**AIM OF THE EXERCISE**
Write out every record below exactly as it stands, leaving the pictures out.

**DATA EXTRACT**
___
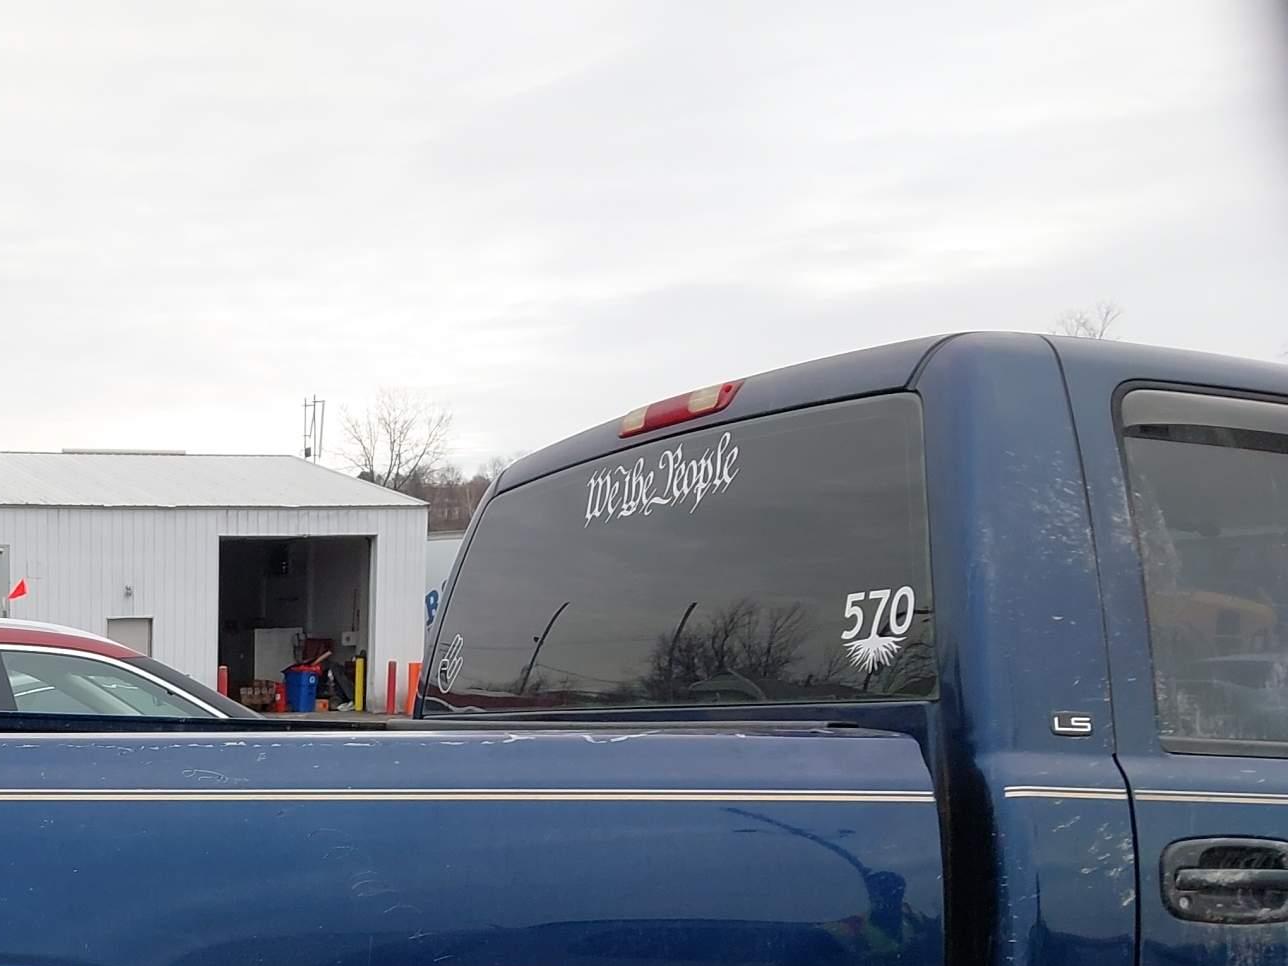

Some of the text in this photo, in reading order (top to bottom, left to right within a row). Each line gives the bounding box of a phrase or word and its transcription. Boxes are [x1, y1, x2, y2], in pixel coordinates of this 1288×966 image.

[585, 467, 622, 528] We
[645, 432, 740, 514] People
[840, 585, 916, 640] 570
[1053, 716, 1092, 732] LS
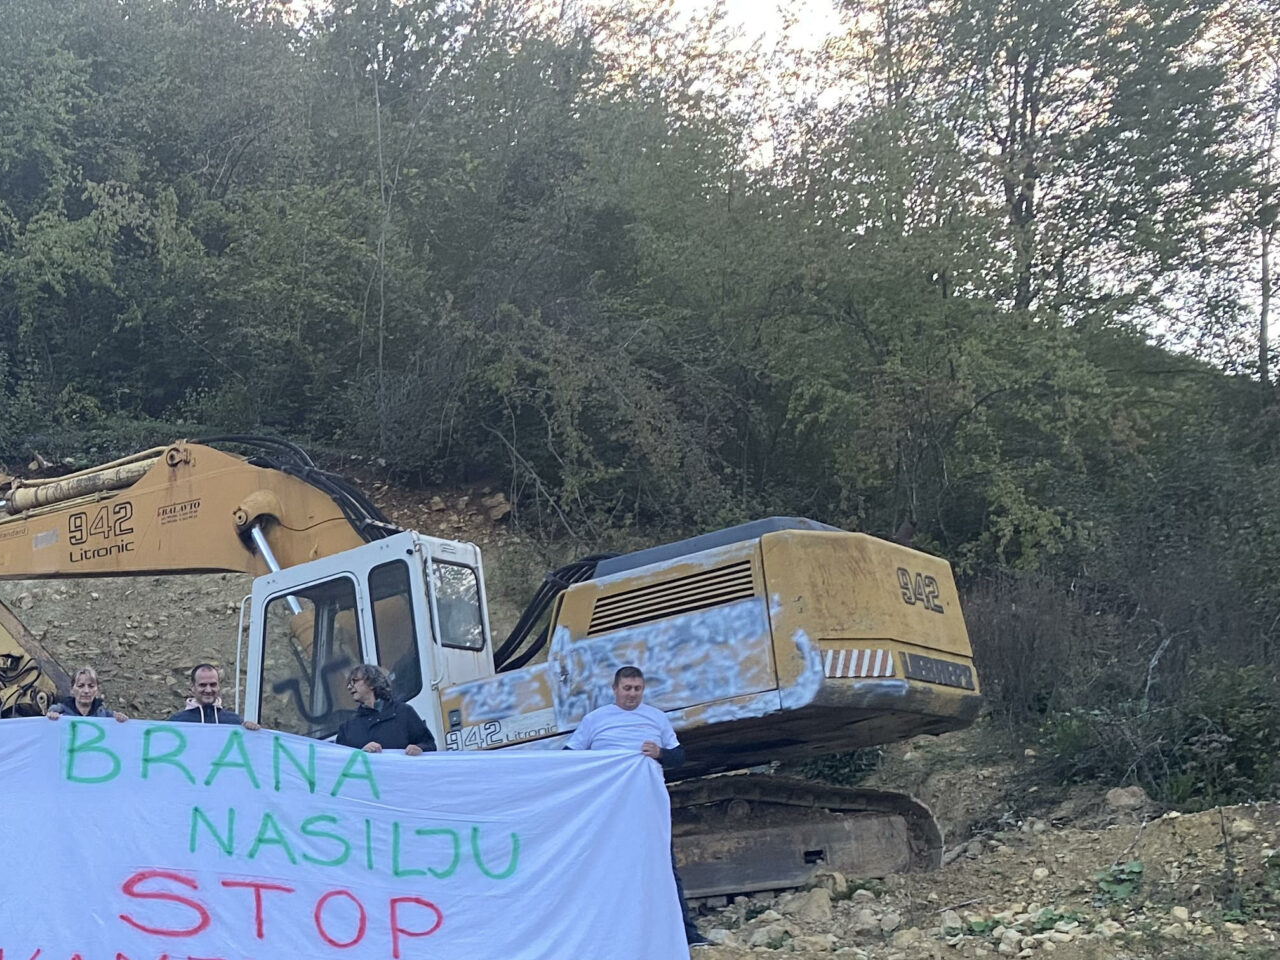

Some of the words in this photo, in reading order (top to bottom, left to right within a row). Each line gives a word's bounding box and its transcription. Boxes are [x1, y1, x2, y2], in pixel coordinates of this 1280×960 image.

[69, 501, 134, 546] 942
[70, 540, 134, 563] Litronic
[897, 567, 944, 614] 942
[445, 720, 504, 751] 942
[66, 720, 380, 799] BRANA
[189, 806, 520, 879] NASILJU
[119, 869, 443, 959] STOP
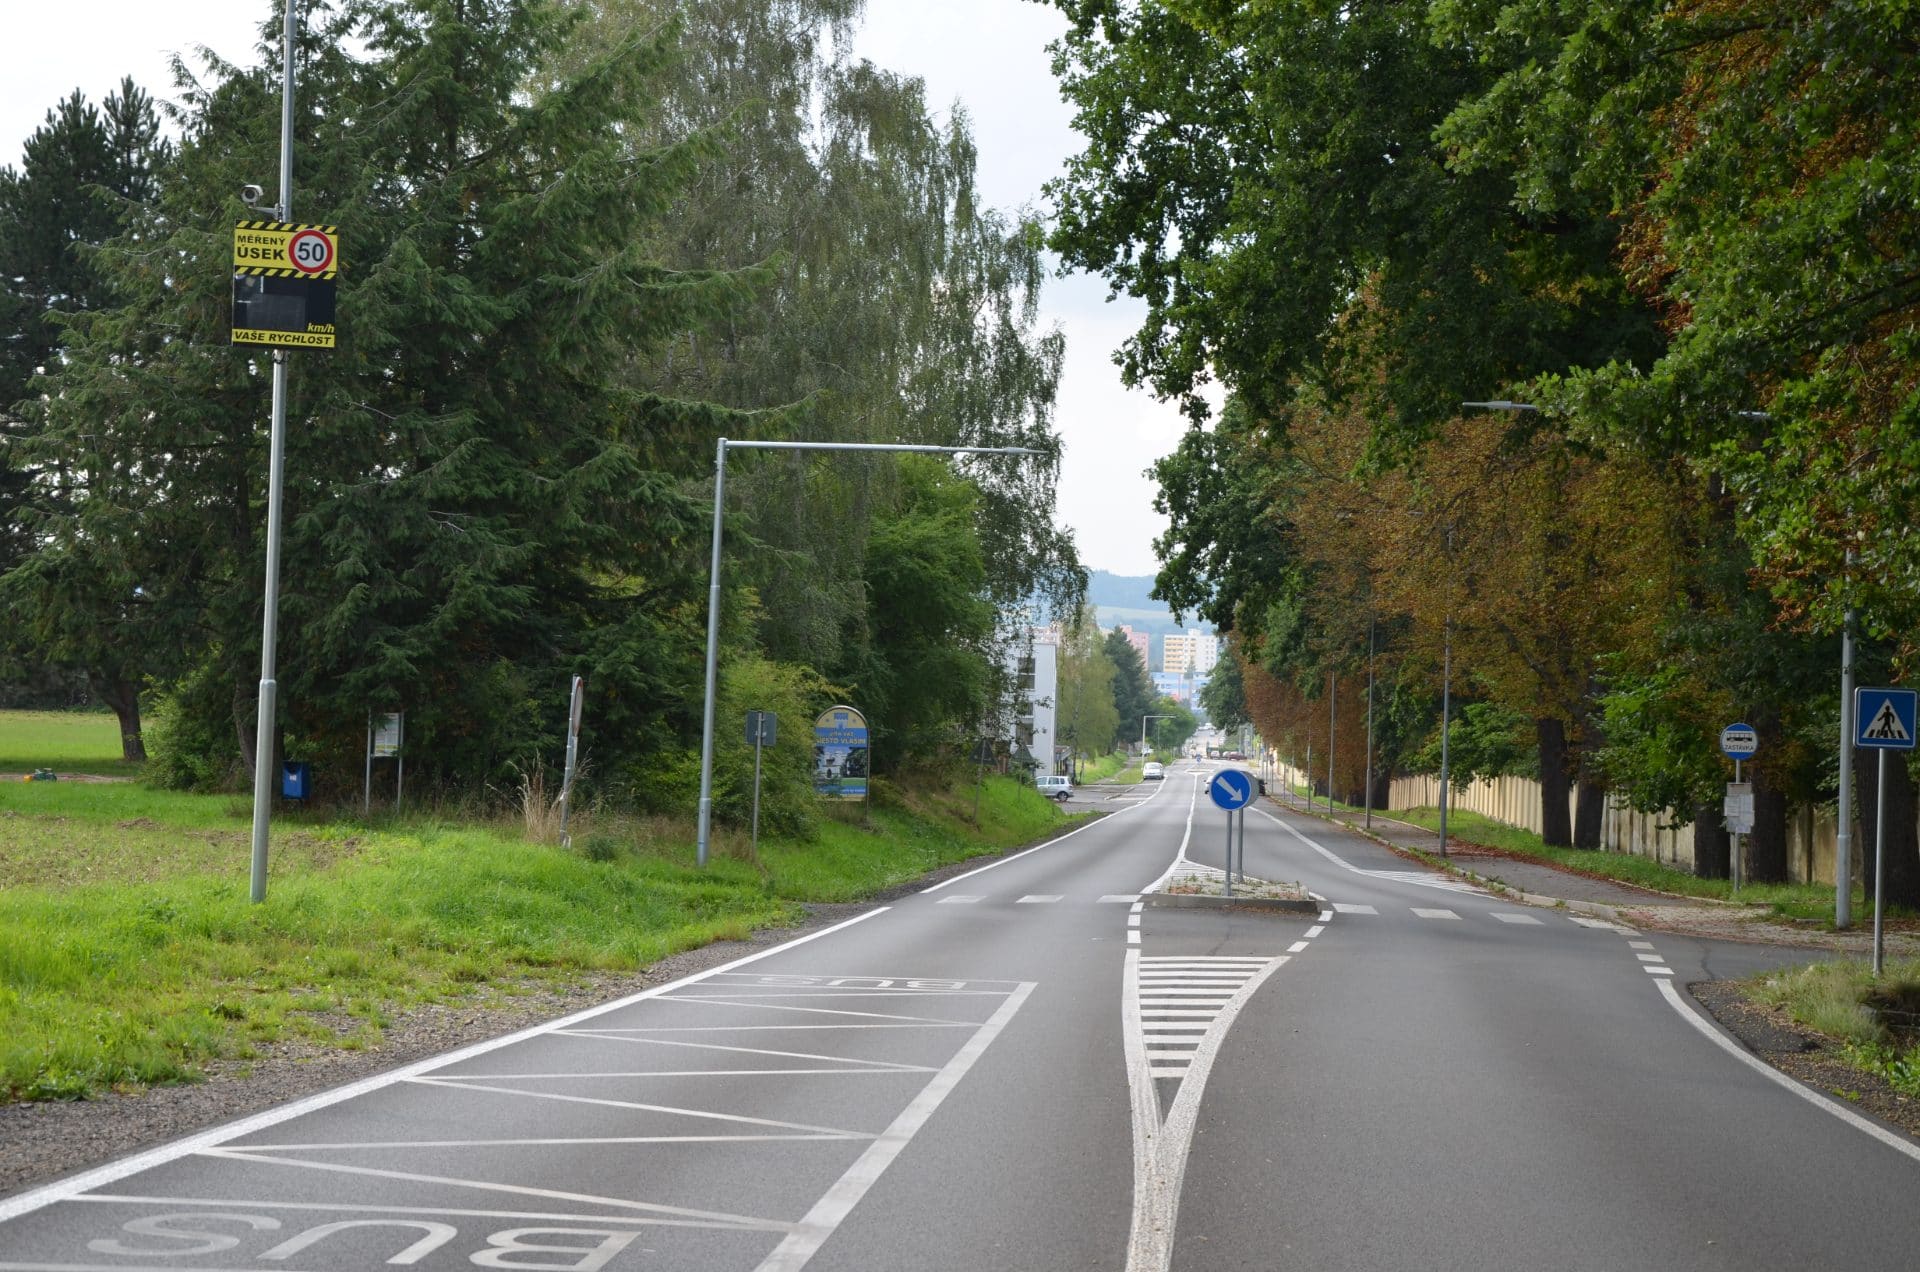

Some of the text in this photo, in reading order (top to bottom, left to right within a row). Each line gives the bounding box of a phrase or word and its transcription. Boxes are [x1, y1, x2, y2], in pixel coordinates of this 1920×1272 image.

[237, 244, 285, 261] ÚSEK
[297, 242, 325, 262] 50
[307, 322, 335, 334] km/h
[235, 331, 332, 345] VAŠE RYCHLOST
[757, 976, 968, 990] BUS
[86, 1211, 642, 1272] BUS
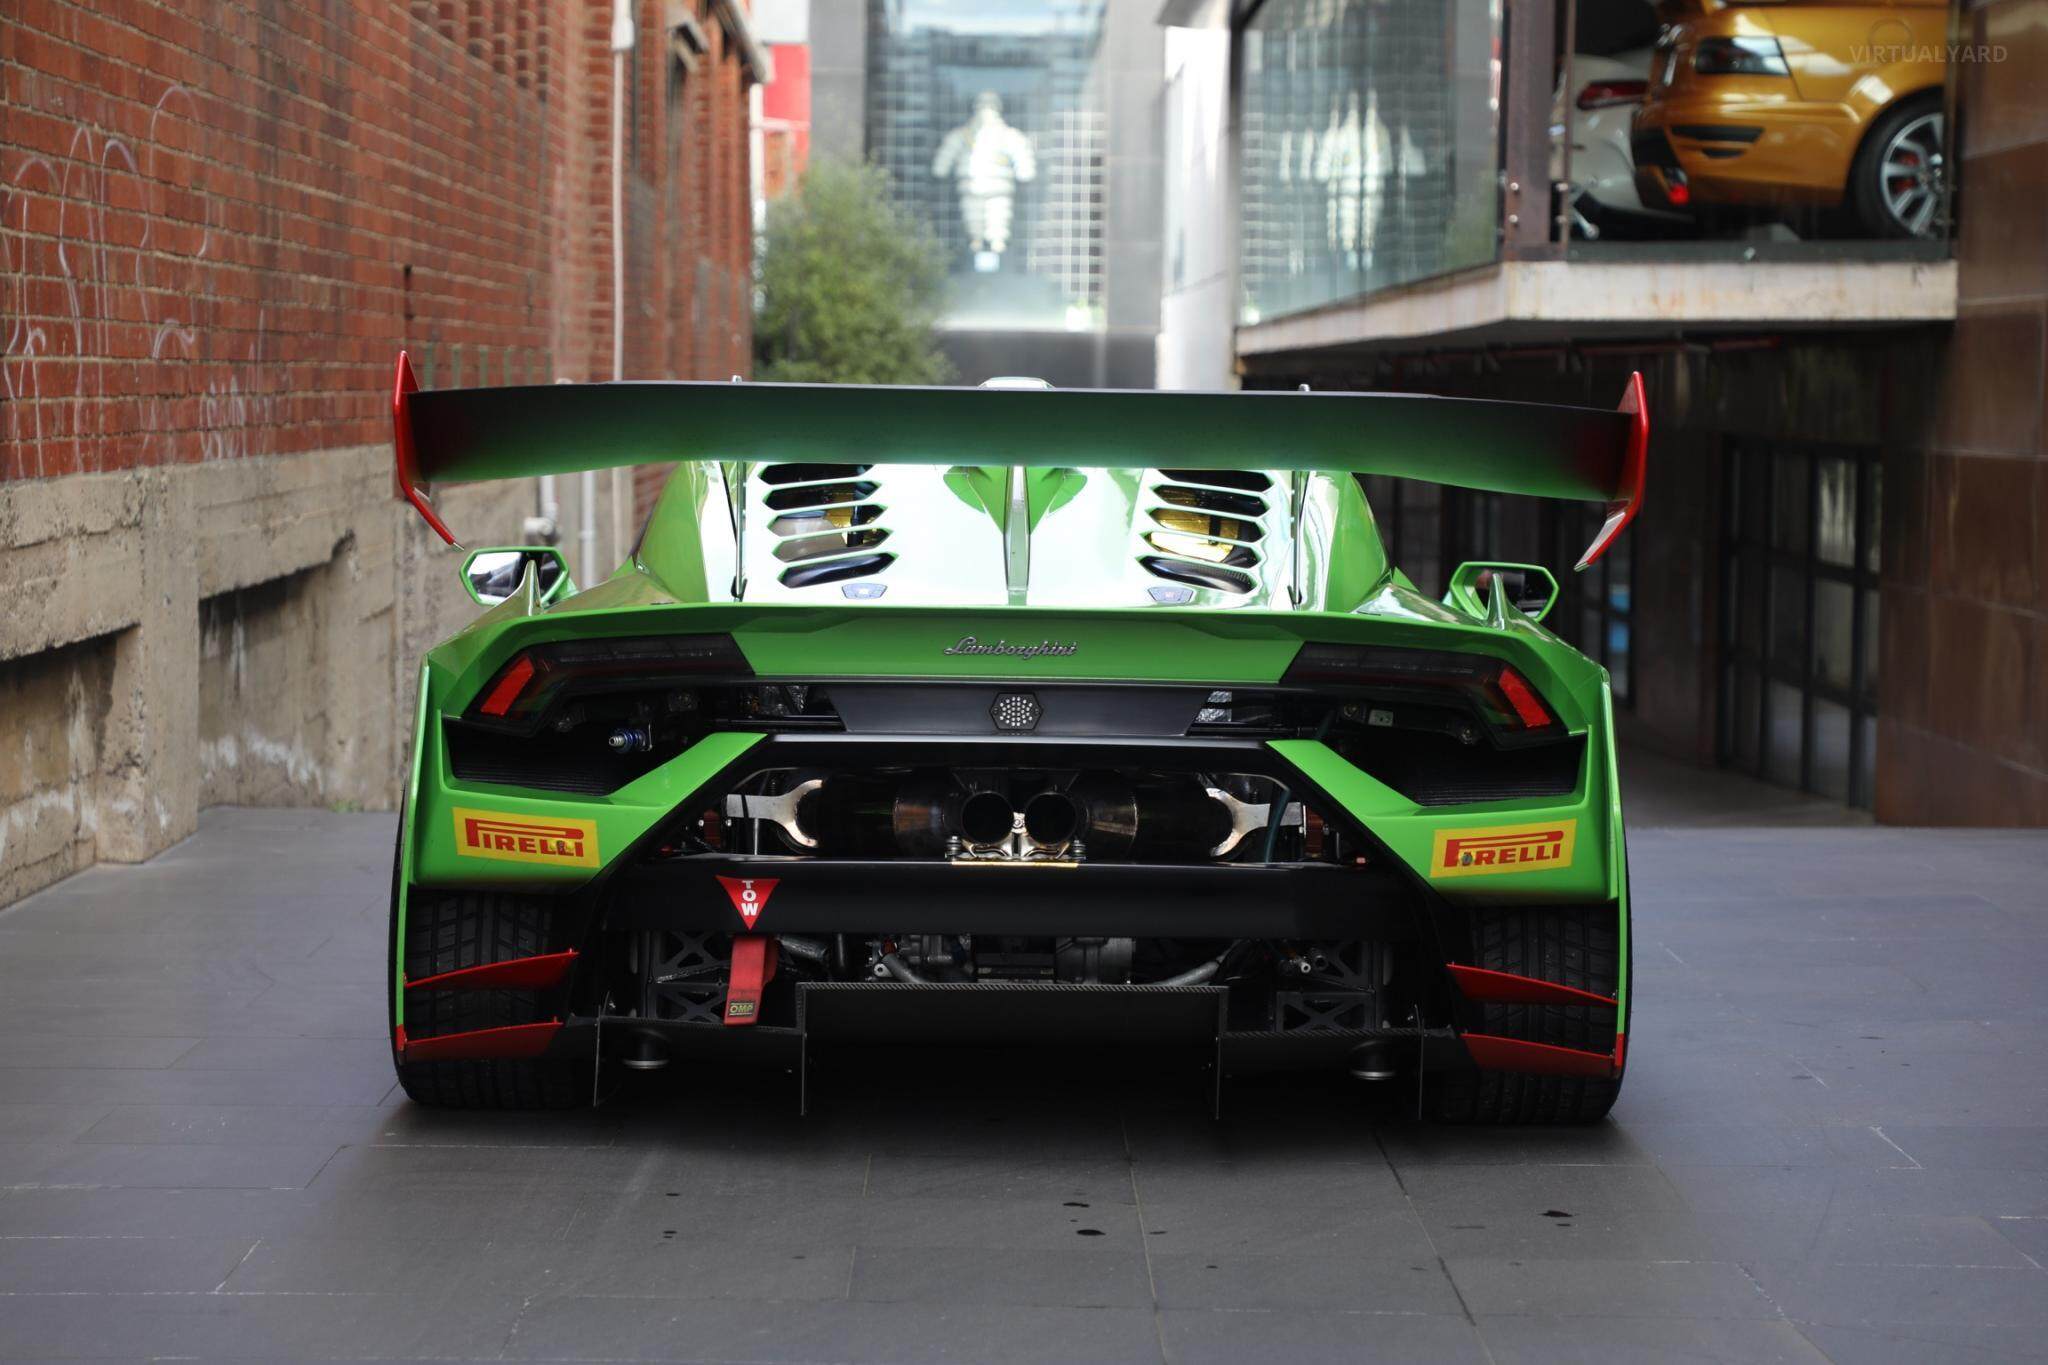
___
**PROBLEM SOLUTION**
Some of the text in this photo, in reading order (top to bottom, left to right within a row). Each line gives the bounding box of a phrase or word and its transcription. Boxes are [x1, y1, x2, y2], in pixel coordinates of this 1288×966 image.

[585, 467, 622, 528] We
[645, 432, 740, 514] People
[840, 585, 916, 640] 570
[1053, 716, 1092, 732] LS

Some of the words in this photo, in reading order (top to bottom, left to right within a row). Each line gives a word's bounding box and its transcription. Boxes are [x1, y1, x2, y2], in pixel coordinates of this 1280×960 image.

[69, 501, 134, 546] 942
[70, 540, 134, 563] Litronic
[897, 567, 944, 614] 942
[445, 720, 504, 751] 942
[66, 720, 380, 799] BRANA
[189, 806, 520, 879] NASILJU
[119, 869, 443, 959] STOP

Some of the text in this photo, in reading order (top to bottom, left to right within a row). Each line gives the bounding box of a phrase or word and its transcription. Boxes are [x1, y1, x2, y2], in pixel coordinates of this 1920×1272 image.

[237, 244, 285, 261] ÚSEK
[297, 242, 325, 262] 50
[307, 322, 335, 334] km/h
[235, 331, 332, 345] VAŠE RYCHLOST
[757, 976, 968, 990] BUS
[86, 1211, 642, 1272] BUS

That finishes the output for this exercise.